**What the task requires:**
Copy the data below exactly.

---- Working data

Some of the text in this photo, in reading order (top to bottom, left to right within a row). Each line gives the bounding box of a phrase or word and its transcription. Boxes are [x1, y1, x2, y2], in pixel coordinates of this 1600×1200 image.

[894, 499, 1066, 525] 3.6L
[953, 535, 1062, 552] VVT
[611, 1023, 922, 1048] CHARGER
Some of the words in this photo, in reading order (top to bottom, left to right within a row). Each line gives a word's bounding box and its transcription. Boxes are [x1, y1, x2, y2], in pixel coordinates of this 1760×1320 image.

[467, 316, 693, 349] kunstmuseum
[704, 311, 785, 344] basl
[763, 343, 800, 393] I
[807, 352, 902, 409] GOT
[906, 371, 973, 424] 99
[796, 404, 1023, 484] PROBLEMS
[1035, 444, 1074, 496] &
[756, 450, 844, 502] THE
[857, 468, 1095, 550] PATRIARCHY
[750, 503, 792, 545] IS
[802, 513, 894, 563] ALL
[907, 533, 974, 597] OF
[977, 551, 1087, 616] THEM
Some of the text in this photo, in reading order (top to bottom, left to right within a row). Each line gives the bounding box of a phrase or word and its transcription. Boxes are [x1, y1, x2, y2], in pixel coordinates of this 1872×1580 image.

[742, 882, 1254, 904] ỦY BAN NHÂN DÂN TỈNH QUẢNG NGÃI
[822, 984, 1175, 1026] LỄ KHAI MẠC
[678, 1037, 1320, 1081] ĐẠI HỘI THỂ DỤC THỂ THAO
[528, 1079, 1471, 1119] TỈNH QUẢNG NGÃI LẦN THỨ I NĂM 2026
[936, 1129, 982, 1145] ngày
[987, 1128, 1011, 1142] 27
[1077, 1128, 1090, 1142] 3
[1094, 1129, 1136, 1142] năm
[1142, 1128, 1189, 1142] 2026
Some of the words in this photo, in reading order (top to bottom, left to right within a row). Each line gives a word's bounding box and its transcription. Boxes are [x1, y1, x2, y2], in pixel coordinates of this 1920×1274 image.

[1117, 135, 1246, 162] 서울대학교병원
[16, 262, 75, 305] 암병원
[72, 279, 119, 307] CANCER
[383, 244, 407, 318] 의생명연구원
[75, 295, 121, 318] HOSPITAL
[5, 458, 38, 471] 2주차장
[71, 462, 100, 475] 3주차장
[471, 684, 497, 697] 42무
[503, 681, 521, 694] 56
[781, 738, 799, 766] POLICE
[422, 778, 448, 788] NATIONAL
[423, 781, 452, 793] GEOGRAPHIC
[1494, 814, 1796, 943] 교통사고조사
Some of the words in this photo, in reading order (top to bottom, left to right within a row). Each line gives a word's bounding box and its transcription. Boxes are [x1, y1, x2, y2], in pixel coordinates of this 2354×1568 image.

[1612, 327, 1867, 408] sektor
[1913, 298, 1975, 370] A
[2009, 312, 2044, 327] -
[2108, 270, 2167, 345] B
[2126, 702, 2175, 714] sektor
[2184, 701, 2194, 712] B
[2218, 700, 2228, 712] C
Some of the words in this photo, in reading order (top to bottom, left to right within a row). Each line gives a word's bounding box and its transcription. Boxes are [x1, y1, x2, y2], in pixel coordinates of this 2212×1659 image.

--------

**Response to the task:**
Some of the text in this photo, in reading order (top to bottom, left to right within a row). Each line gives the bounding box of a phrase or word and its transcription. Boxes are [x1, y1, x2, y2], in pixel coordinates of this 1600×1200 image.

[894, 499, 1066, 525] 3.6L
[953, 535, 1062, 552] VVT
[611, 1023, 922, 1048] CHARGER
Some of the words in this photo, in reading order (top to bottom, left to right within a row). Each line gives a word's bounding box and its transcription. Boxes are [x1, y1, x2, y2], in pixel coordinates of this 1760×1320 image.

[467, 316, 693, 349] kunstmuseum
[704, 311, 785, 344] basl
[763, 343, 800, 393] I
[807, 352, 902, 409] GOT
[906, 371, 973, 424] 99
[796, 404, 1023, 484] PROBLEMS
[1035, 444, 1074, 496] &
[756, 450, 844, 502] THE
[857, 468, 1095, 550] PATRIARCHY
[750, 503, 792, 545] IS
[802, 513, 894, 563] ALL
[907, 533, 974, 597] OF
[977, 551, 1087, 616] THEM
Some of the text in this photo, in reading order (top to bottom, left to right within a row). Each line gives the bounding box of a phrase or word and its transcription. Boxes are [x1, y1, x2, y2], in pixel coordinates of this 1872×1580 image.

[742, 882, 1254, 904] ỦY BAN NHÂN DÂN TỈNH QUẢNG NGÃI
[822, 984, 1175, 1026] LỄ KHAI MẠC
[678, 1037, 1320, 1081] ĐẠI HỘI THỂ DỤC THỂ THAO
[528, 1079, 1471, 1119] TỈNH QUẢNG NGÃI LẦN THỨ I NĂM 2026
[936, 1129, 982, 1145] ngày
[987, 1128, 1011, 1142] 27
[1077, 1128, 1090, 1142] 3
[1094, 1129, 1136, 1142] năm
[1142, 1128, 1189, 1142] 2026
Some of the words in this photo, in reading order (top to bottom, left to right within a row). Each line gives a word's bounding box and its transcription. Boxes are [x1, y1, x2, y2], in pixel coordinates of this 1920×1274 image.

[1117, 135, 1246, 162] 서울대학교병원
[16, 262, 75, 305] 암병원
[72, 279, 119, 307] CANCER
[383, 244, 407, 318] 의생명연구원
[75, 295, 121, 318] HOSPITAL
[5, 458, 38, 471] 2주차장
[71, 462, 100, 475] 3주차장
[471, 684, 497, 697] 42무
[503, 681, 521, 694] 56
[781, 738, 799, 766] POLICE
[422, 778, 448, 788] NATIONAL
[423, 781, 452, 793] GEOGRAPHIC
[1494, 814, 1796, 943] 교통사고조사
Some of the words in this photo, in reading order (top to bottom, left to right within a row). Each line gives a word's bounding box and its transcription. Boxes are [x1, y1, x2, y2], in pixel coordinates of this 2354×1568 image.

[1612, 327, 1867, 408] sektor
[1913, 298, 1975, 370] A
[2009, 312, 2044, 327] -
[2108, 270, 2167, 345] B
[2126, 702, 2175, 714] sektor
[2184, 701, 2194, 712] B
[2218, 700, 2228, 712] C
Some of the words in this photo, in reading order (top to bottom, left to right within a row). Each line gives a word's bounding box and its transcription. Boxes are [x1, y1, x2, y2], in pixel coordinates of this 2212×1659 image.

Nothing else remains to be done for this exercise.